| Description of the task |
From the line with "this 1250×1668 image." down to the final line of the material, please transcribe everything exactly, but leave the pictures out.
- Opening Delimiter -
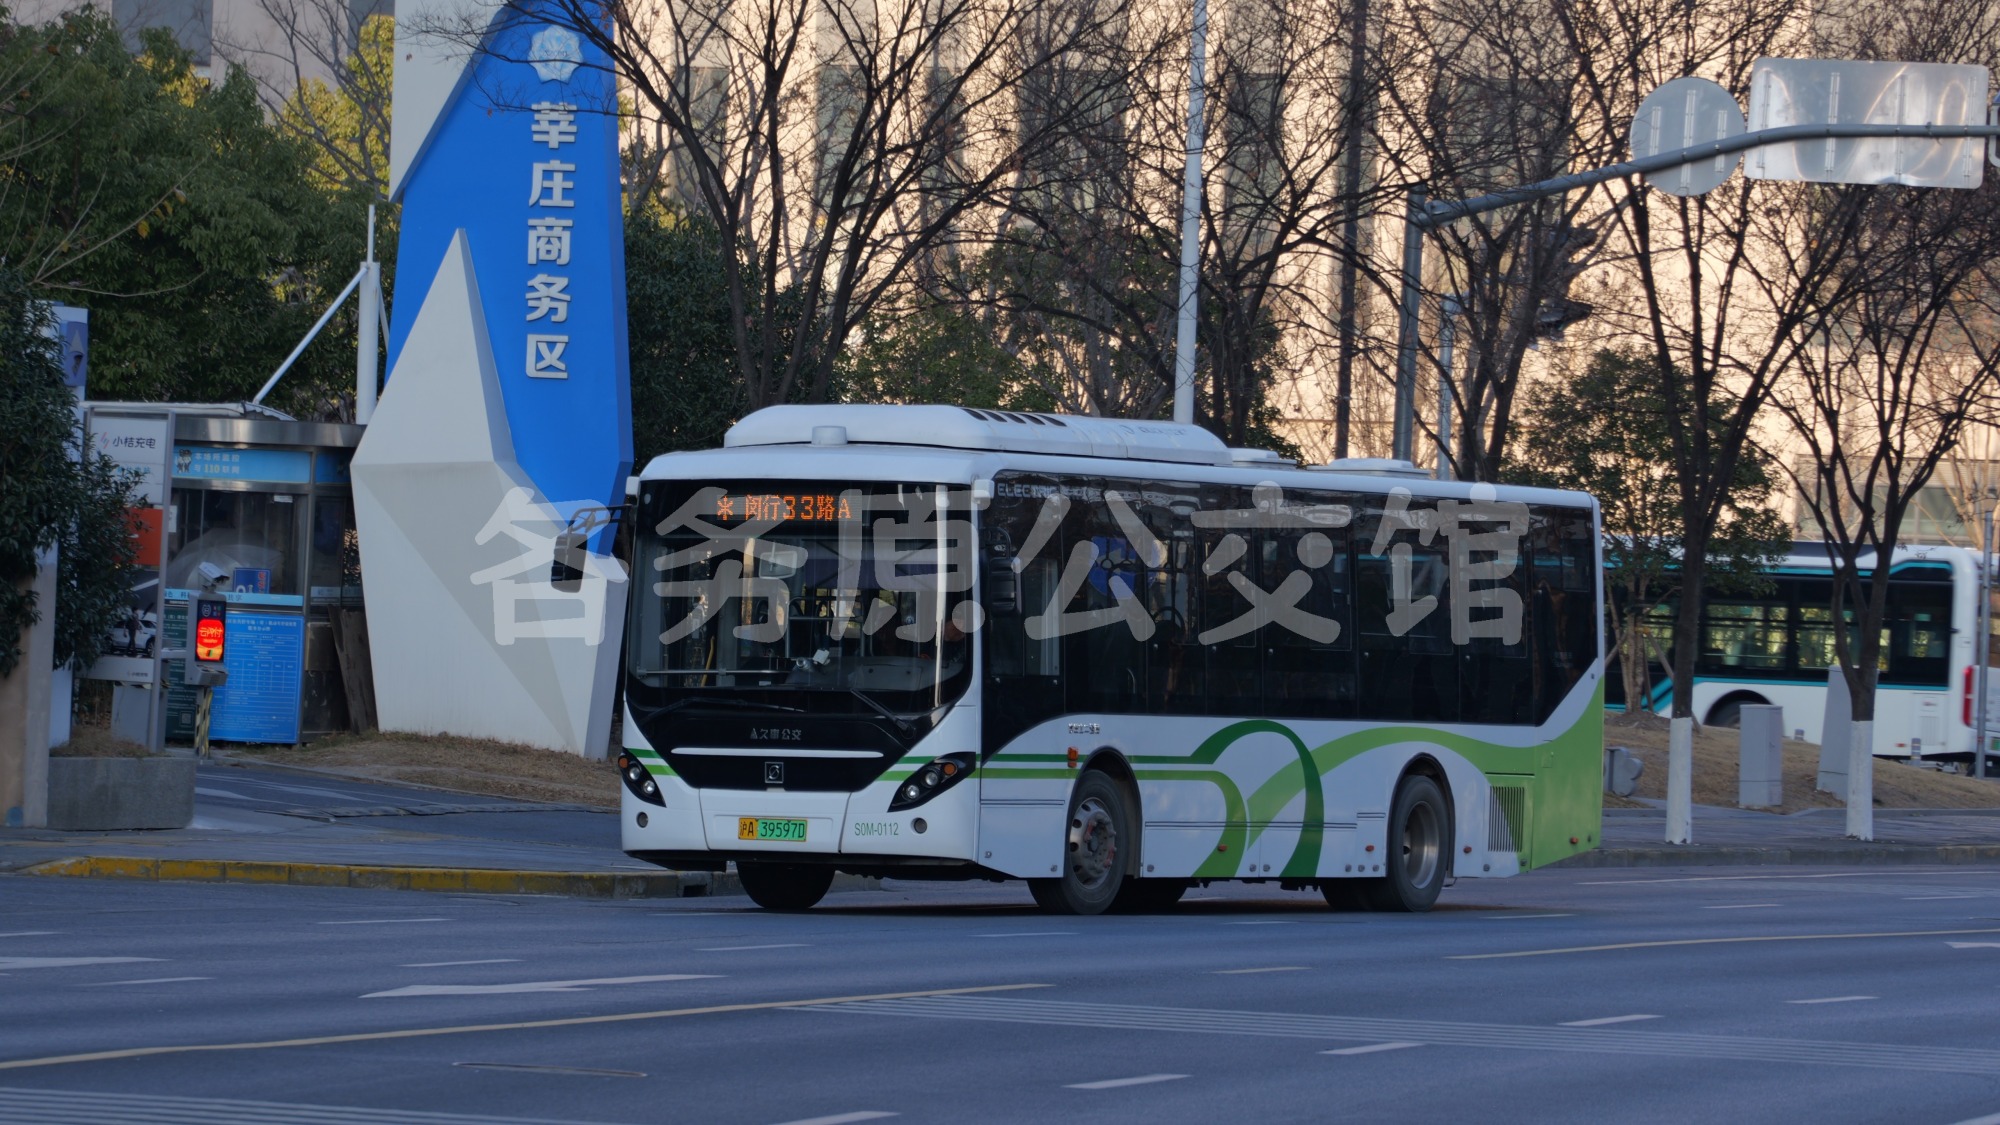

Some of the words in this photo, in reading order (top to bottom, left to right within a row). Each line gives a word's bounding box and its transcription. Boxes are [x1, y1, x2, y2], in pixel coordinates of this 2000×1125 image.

[525, 102, 577, 379] 莘庄商务区
[112, 436, 156, 449] 小桔充电
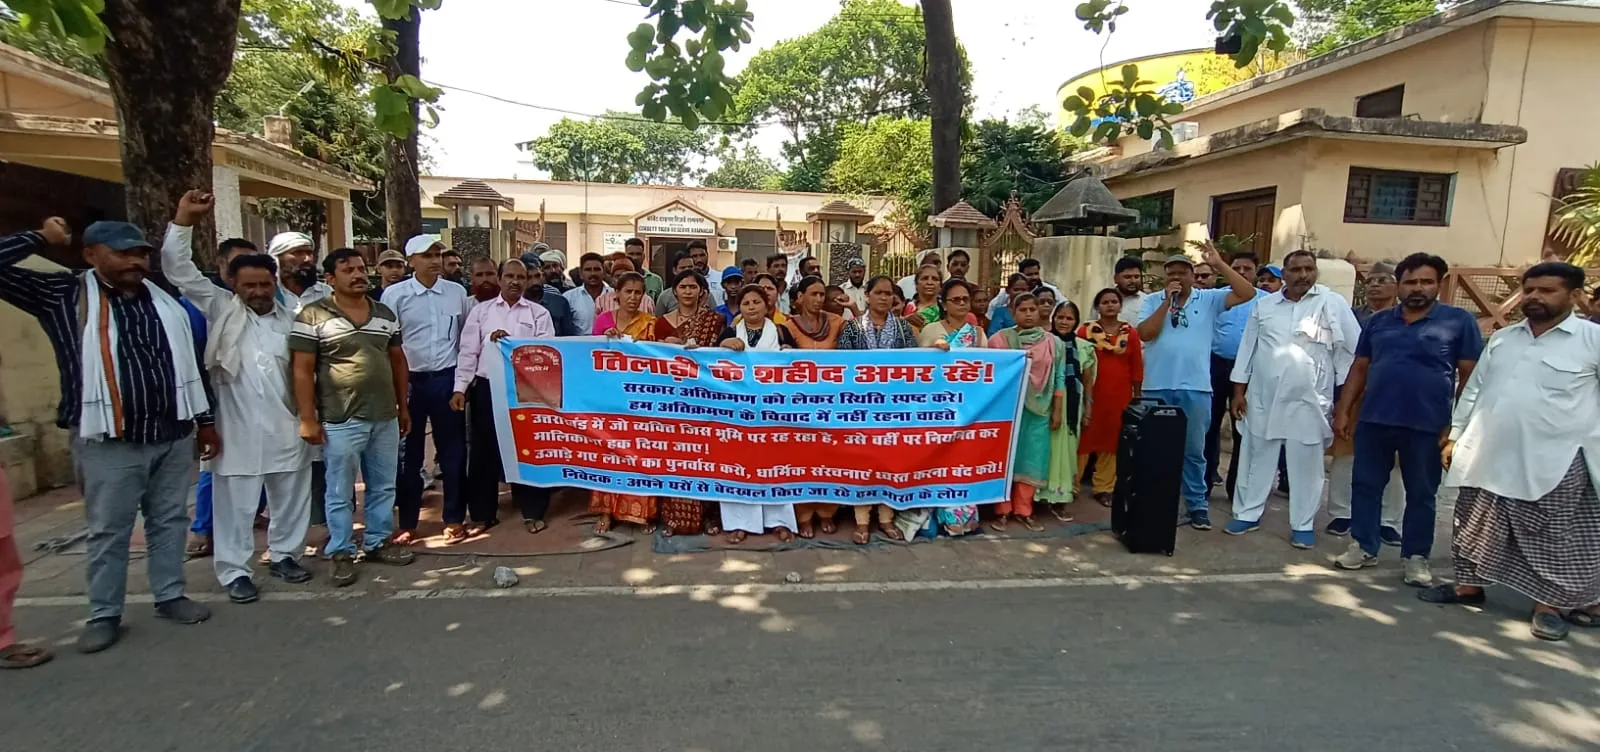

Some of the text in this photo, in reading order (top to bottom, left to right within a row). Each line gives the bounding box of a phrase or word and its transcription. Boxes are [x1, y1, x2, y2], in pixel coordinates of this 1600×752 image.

[592, 350, 995, 384] तिलाड़ी के शहीद अमर रहें!
[623, 382, 676, 395] सरकार
[680, 386, 757, 404] अतिक्रमण
[762, 392, 786, 404] को
[791, 392, 835, 404] लेकर
[840, 392, 886, 404] स्थिति
[891, 394, 928, 404] स्पष्ट
[629, 400, 956, 422] हम अतिक्रमण के विवाद में नहीं रहना चाहते
[592, 417, 606, 431] में
[608, 418, 629, 431] जो
[680, 424, 712, 436] जिस
[715, 426, 743, 442] भूमि
[748, 432, 766, 444] पर
[771, 432, 788, 442] रह
[794, 432, 816, 442] रहा
[844, 432, 867, 445] उसे
[872, 432, 900, 446] वहीं
[902, 434, 922, 445] पर
[980, 428, 1000, 438] कर
[606, 438, 632, 450] हक
[636, 437, 668, 450] दिया
[534, 446, 573, 462] उजाड़े
[577, 452, 598, 462] गए
[641, 458, 661, 468] का
[666, 458, 716, 472] पुनर्वास
[756, 464, 806, 478] धार्मिक
[810, 464, 872, 480] संरचनाएं
[914, 467, 948, 478] करना
[952, 464, 973, 478] बंद
[562, 468, 612, 485] निवेदक
[627, 478, 664, 490] अपने
[668, 480, 694, 492] घरों
[696, 480, 709, 493] से
[714, 482, 767, 498] बेदखल
[771, 486, 803, 498] किए
[808, 486, 828, 496] जा
[832, 486, 850, 498] रहे
[856, 490, 877, 498] हम
[882, 489, 914, 502] भारत
[918, 488, 932, 500] के
[936, 488, 968, 499] लोग
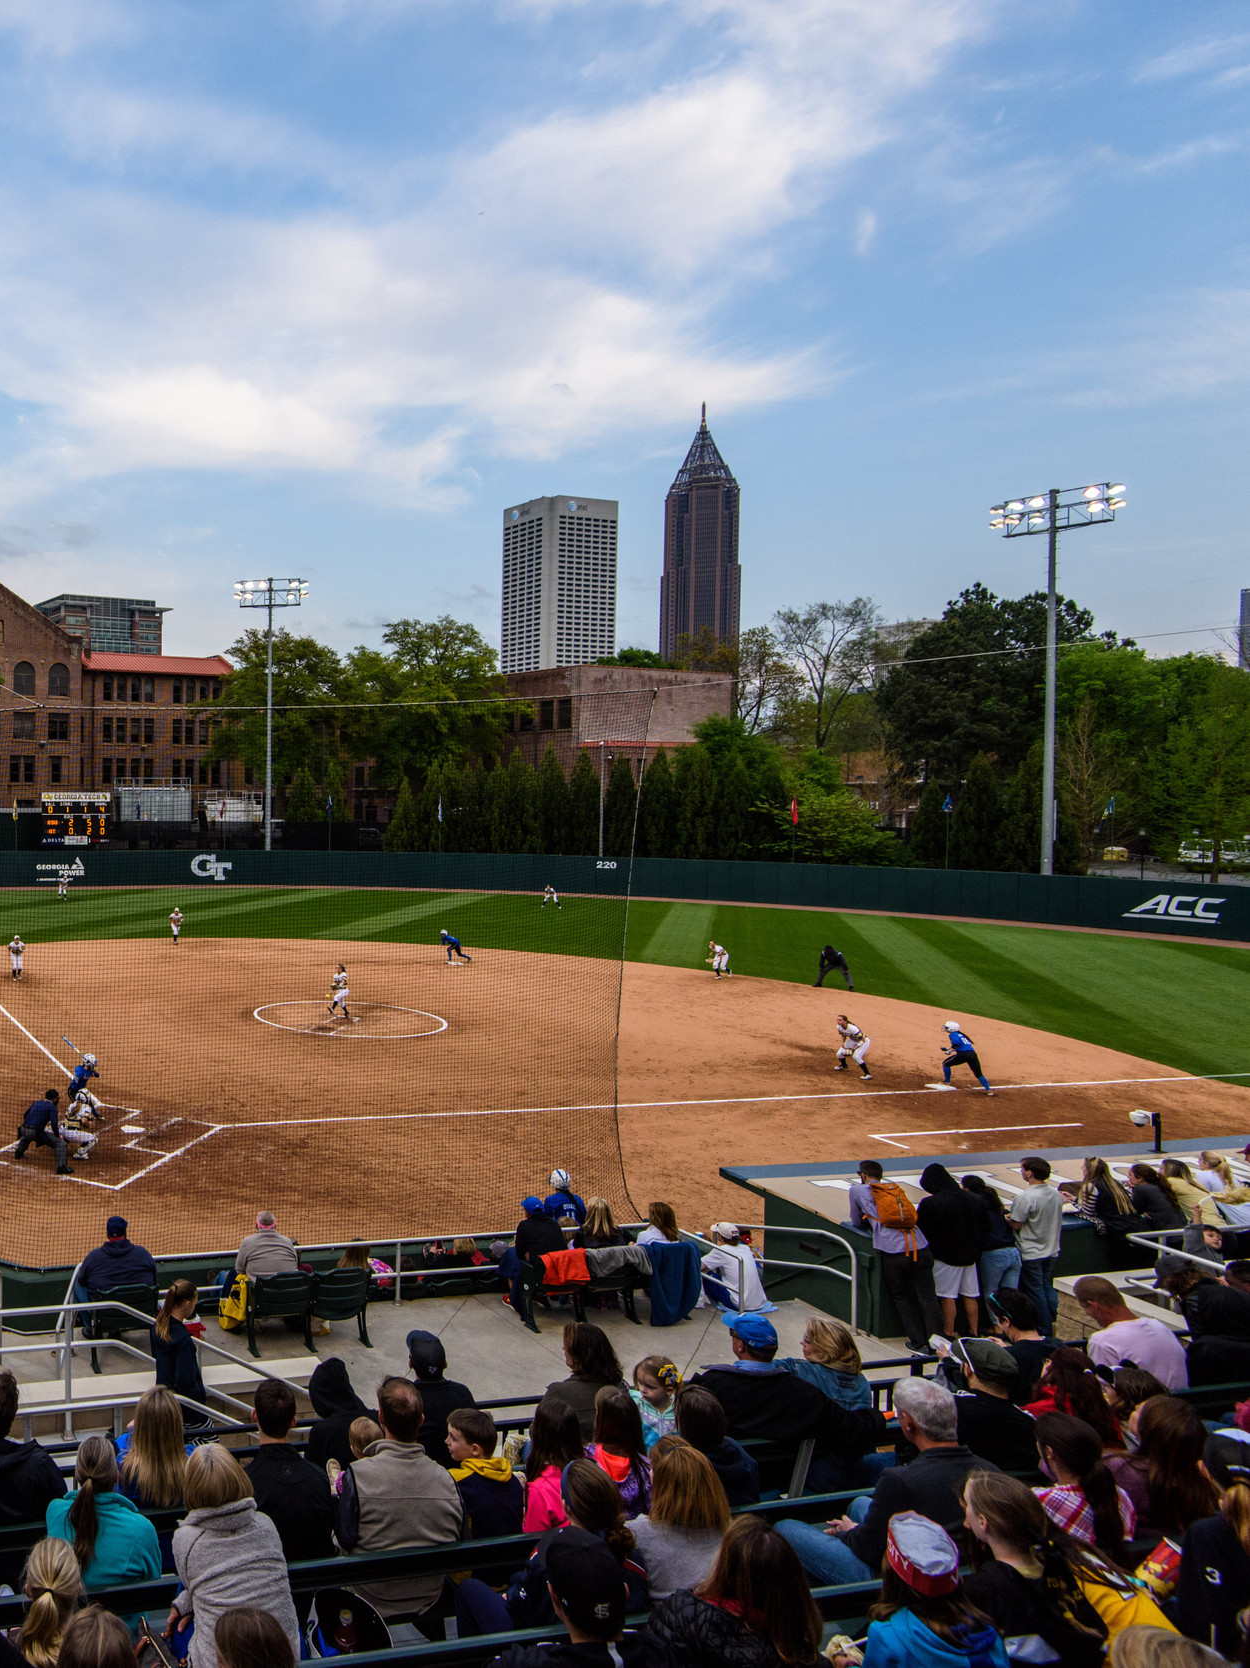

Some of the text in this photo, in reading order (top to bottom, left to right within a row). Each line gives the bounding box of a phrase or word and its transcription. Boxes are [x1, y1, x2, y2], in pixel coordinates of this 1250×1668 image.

[68, 827, 74, 835] 0
[86, 827, 92, 835] 2
[99, 827, 105, 835] 0
[190, 853, 232, 880] GT
[596, 860, 618, 869] 220
[1129, 894, 1227, 918] ACC
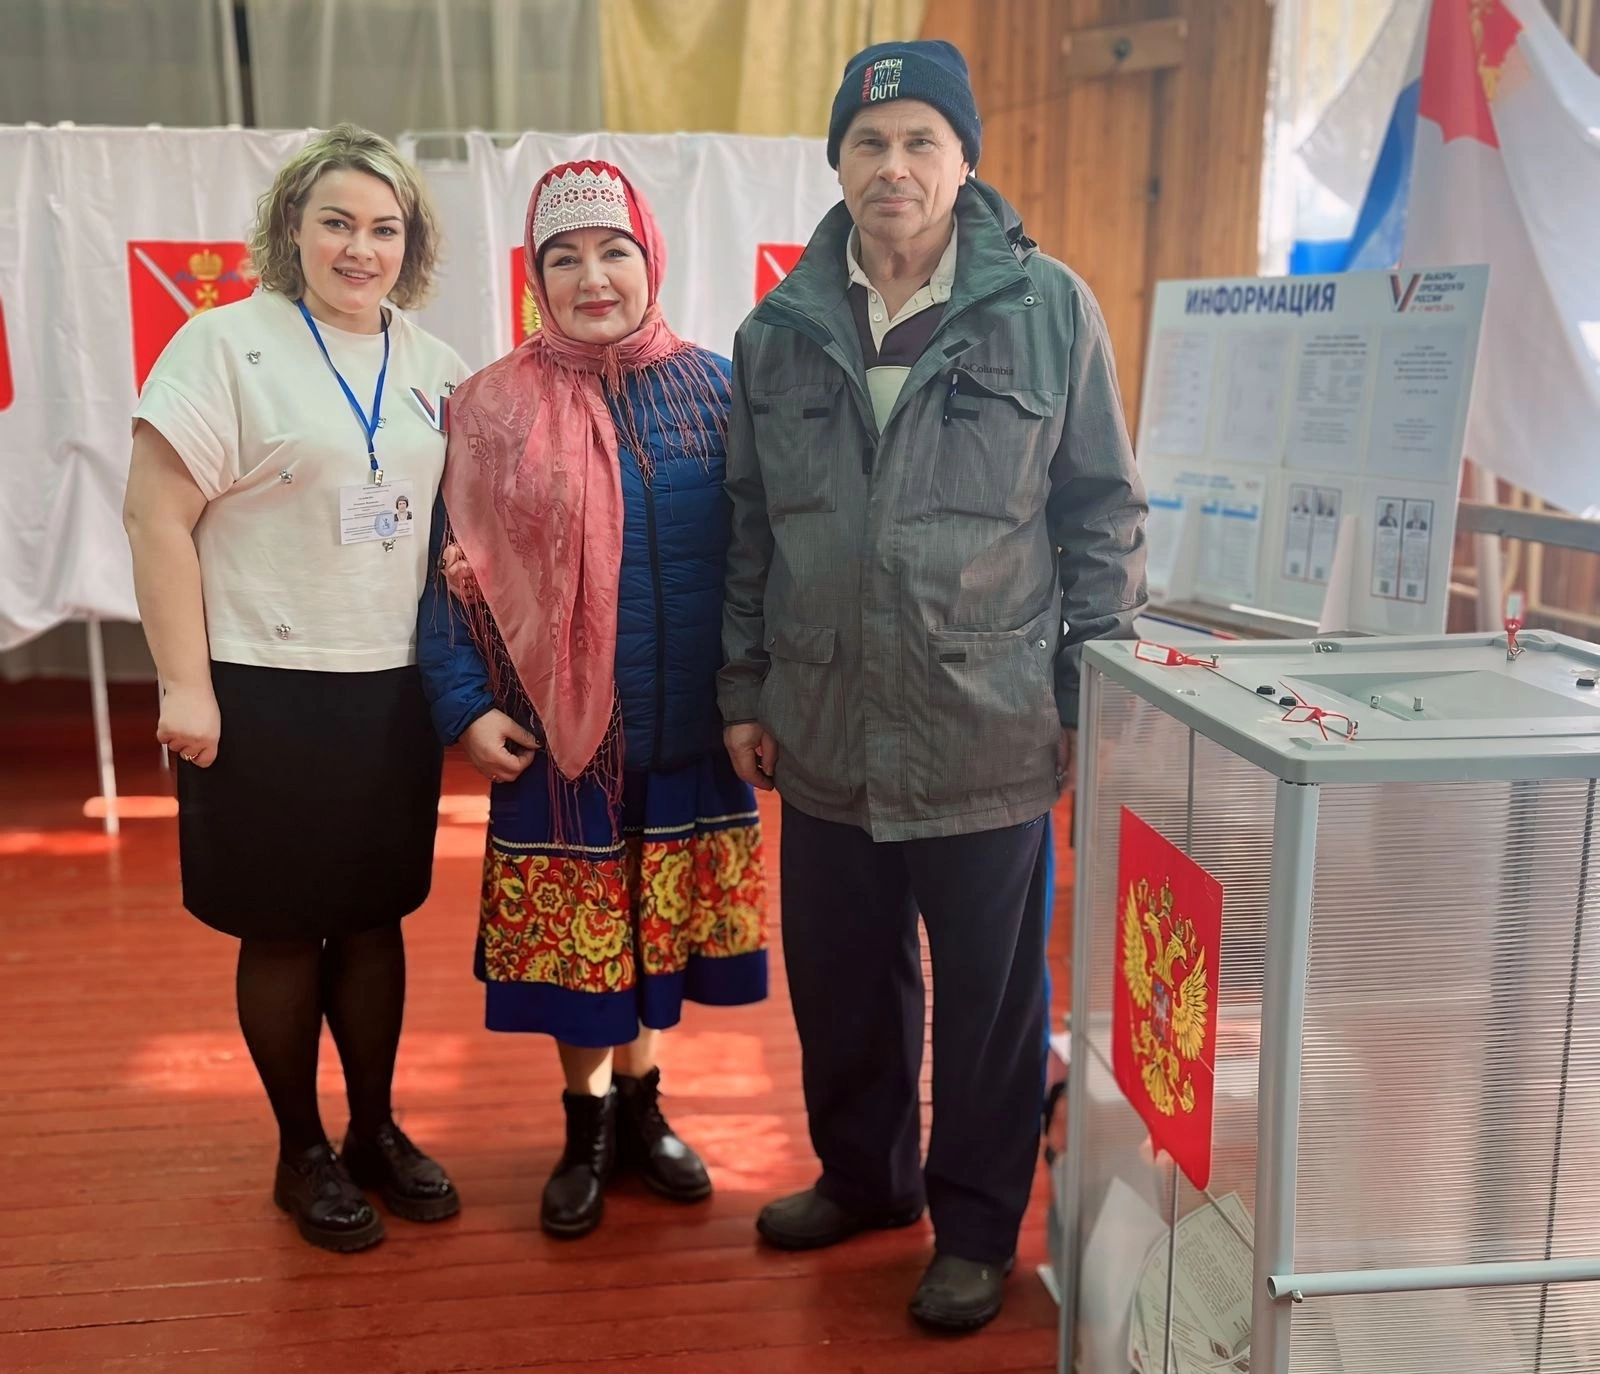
- Closing Delimiter -
| Exercise answer |
Some of the text in this photo, in reading order (top to bottom, left to right within a row). Each line gives the bounding box of a phrase or word and its transcription. Boxes are [x1, y1, x2, y2], in pixel coordinates of this 1250×1668 image.

[68, 827, 74, 835] 0
[86, 827, 92, 835] 2
[99, 827, 105, 835] 0
[190, 853, 232, 880] GT
[596, 860, 618, 869] 220
[1129, 894, 1227, 918] ACC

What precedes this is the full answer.